Instantiate the NLP class

Working with the natural language processor falls into two broad phases:

  • First, generate the training data for your app. See Step 6.
  • Then, conduct experimentation in the Python shell.

When you are ready to begin experimenting, import the NaturalLanguageProcessor class from the MindMeld nlp module and instantiate an object with the path to your MindMeld project.

from mindmeld.components.nlp import NaturalLanguageProcessor
nlp = NaturalLanguageProcessor(app_path='home_assistant')
nlp
<NaturalLanguageProcessor 'home_assistant' ready: False, dirty: False>

The natural language processor automatically infers the domain-intent-entity-role hierarchy for your app based on the project structure. Inspect the domains attribute of the nlp object to view the list of domains it identified.

nlp.domains
{
 'smart_home': <DomainProcessor 'smart_home' ready: False, dirty: False>,
 'times_and_dates': <DomainProcessor 'times_and_dates' ready: False, dirty: False>,
 'unknown': <DomainProcessor 'unknown' ready: False, dirty: False>,
 'weather': <DomainProcessor 'weather' ready: False, dirty: False>
}

View the list of intents for each of the domains.

nlp.domains['times_and_dates'].intents
{
 'change_alarm': <IntentProcessor 'change_alarm' ready: False, dirty: False>,
 'check_alarm': <IntentProcessor 'check_alarm' ready: False, dirty: False>,
 'remove_alarm': <IntentProcessor 'remove_alarm' ready: False, dirty: False>,
  'set_alarm': <IntentProcessor 'set_alarm' ready: False, dirty: False>,
 'start_timer': <IntentProcessor 'start_timer' ready: False, dirty: False>,
 'stop_timer': <IntentProcessor 'stop_timer' ready: False, dirty: False>
}
...
nlp.domains['weather'].intents
{'check_weather': <IntentProcessor 'check_weather' ready: False, dirty: False>}

Upon initialization, the natural language processor merely scans the directory structure of your project, but does not read in the training data files.

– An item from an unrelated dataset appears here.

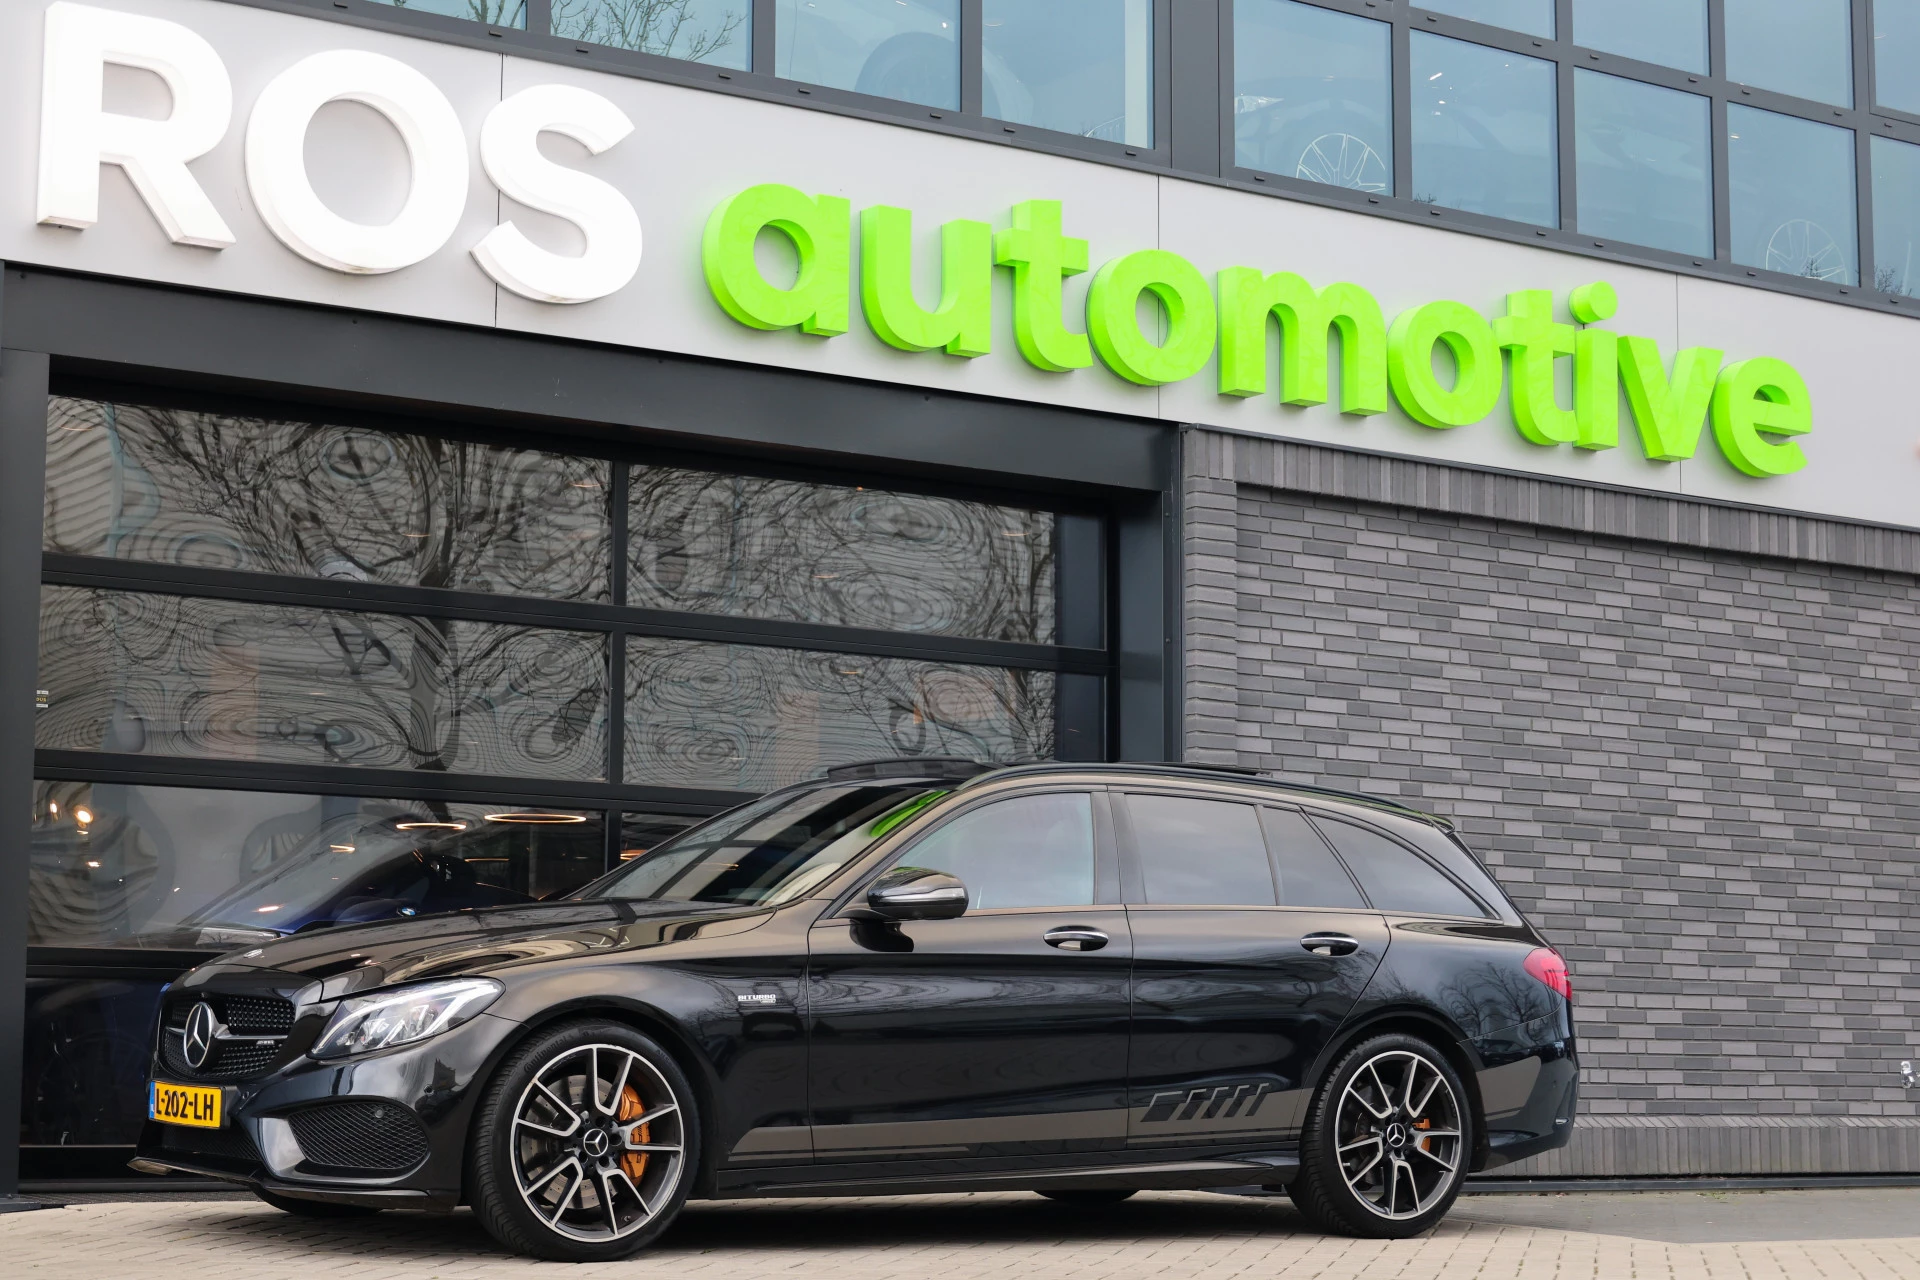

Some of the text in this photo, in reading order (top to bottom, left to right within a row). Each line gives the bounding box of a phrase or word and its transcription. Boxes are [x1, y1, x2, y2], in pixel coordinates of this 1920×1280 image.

At this point in our tutorial, it has no knowledge of the entities associated with each intent.

nlp.domains['weather'].intents['check_weather'].entities
{}

The NLP learns about the entities when labeled queries are loaded at model training time. Once training is finished, you can use the entities attribute to view the entity types identified for each intent. The code snippet below introduces the NaturalLanguageProcessor.build() method for model training. This method can take several minutes to run.

nlp.build()
nlp.domains['weather'].intents['check_weather'].entities
{
 'city': <EntityProcessor 'city' ready: True, dirty: True>,
 'sys_interval': <EntityProcessor 'sys_interval' ready: True, dirty: True>,
 'sys_time': <EntityProcessor 'sys_time' ready: True, dirty: True>,
 'unit': <EntityProcessor 'unit' ready: True, dirty: True>
}

The ready and dirty attributes further describe the status of an NLP object.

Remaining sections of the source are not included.